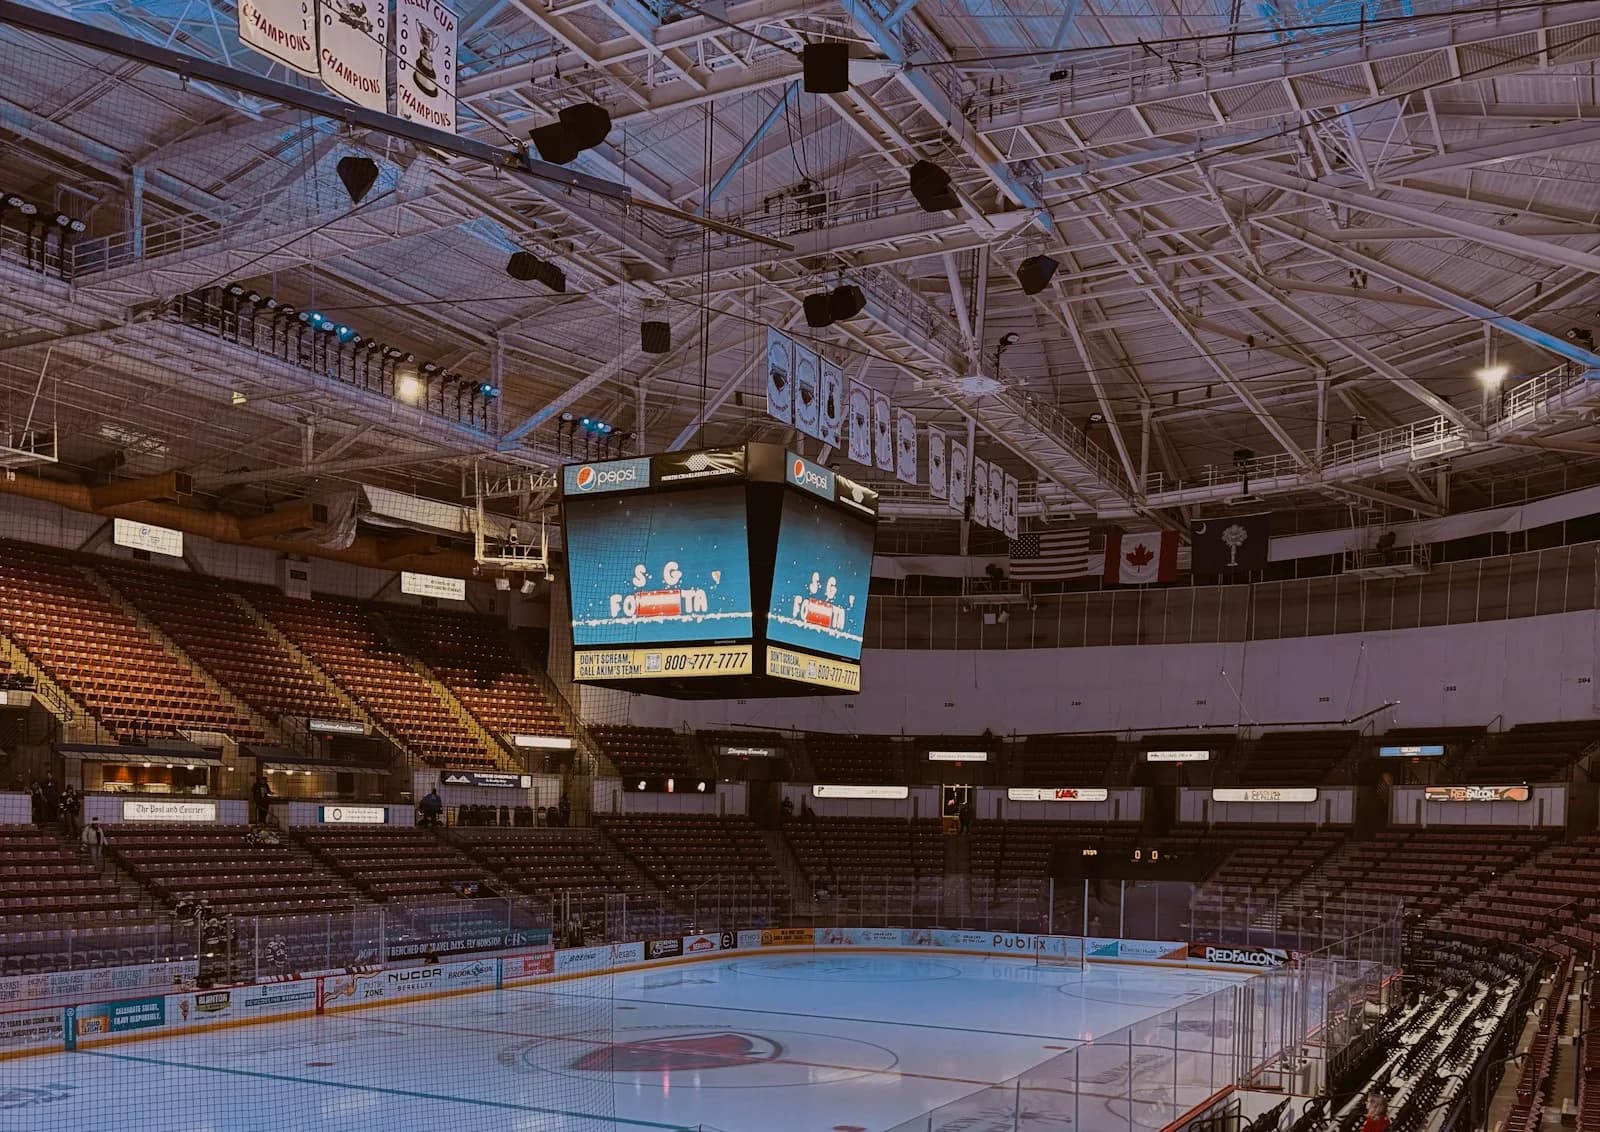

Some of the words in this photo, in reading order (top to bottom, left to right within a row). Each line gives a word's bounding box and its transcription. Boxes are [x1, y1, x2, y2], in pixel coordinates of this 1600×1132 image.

[243, 4, 311, 51] CHAMPIONS
[433, 5, 454, 32] CUP
[399, 14, 409, 70] 2000
[322, 48, 381, 94] CHAMPIONS
[399, 84, 452, 127] CHAMPIONS
[597, 467, 637, 484] pepsi
[805, 471, 828, 490] pepsi
[579, 654, 600, 665] DON'T
[664, 652, 748, 671] 800-777-7777
[579, 667, 594, 676] CALL
[596, 664, 621, 676] AKIM'S
[622, 663, 642, 676] TEAM!
[136, 804, 148, 814] The
[166, 806, 178, 814] and
[391, 942, 419, 957] BENCHED
[467, 939, 476, 949] FLY
[993, 935, 1046, 951] Publix
[1206, 946, 1275, 965] REDFALCON
[388, 968, 442, 983] NUCOR
[364, 988, 385, 998] ZONE
[397, 981, 433, 992] BERKELEY

**WHAT TO DO**. The answer must be the full listing, restated word for word, with no pictures in it.

**SOLUTION**.
Some of the words in this photo, in reading order (top to bottom, left to right within a row). Each line gives a word's bounding box and its transcription. Boxes are [x1, y1, x2, y2], in pixel coordinates of this 1600×1132 image.

[243, 4, 311, 51] CHAMPIONS
[433, 5, 454, 32] CUP
[399, 14, 409, 70] 2000
[322, 48, 381, 94] CHAMPIONS
[399, 84, 452, 127] CHAMPIONS
[597, 467, 637, 484] pepsi
[805, 471, 828, 490] pepsi
[579, 654, 600, 665] DON'T
[664, 652, 748, 671] 800-777-7777
[579, 667, 594, 676] CALL
[596, 664, 621, 676] AKIM'S
[622, 663, 642, 676] TEAM!
[136, 804, 148, 814] The
[166, 806, 178, 814] and
[391, 942, 419, 957] BENCHED
[467, 939, 476, 949] FLY
[993, 935, 1046, 951] Publix
[1206, 946, 1275, 965] REDFALCON
[388, 968, 442, 983] NUCOR
[364, 988, 385, 998] ZONE
[397, 981, 433, 992] BERKELEY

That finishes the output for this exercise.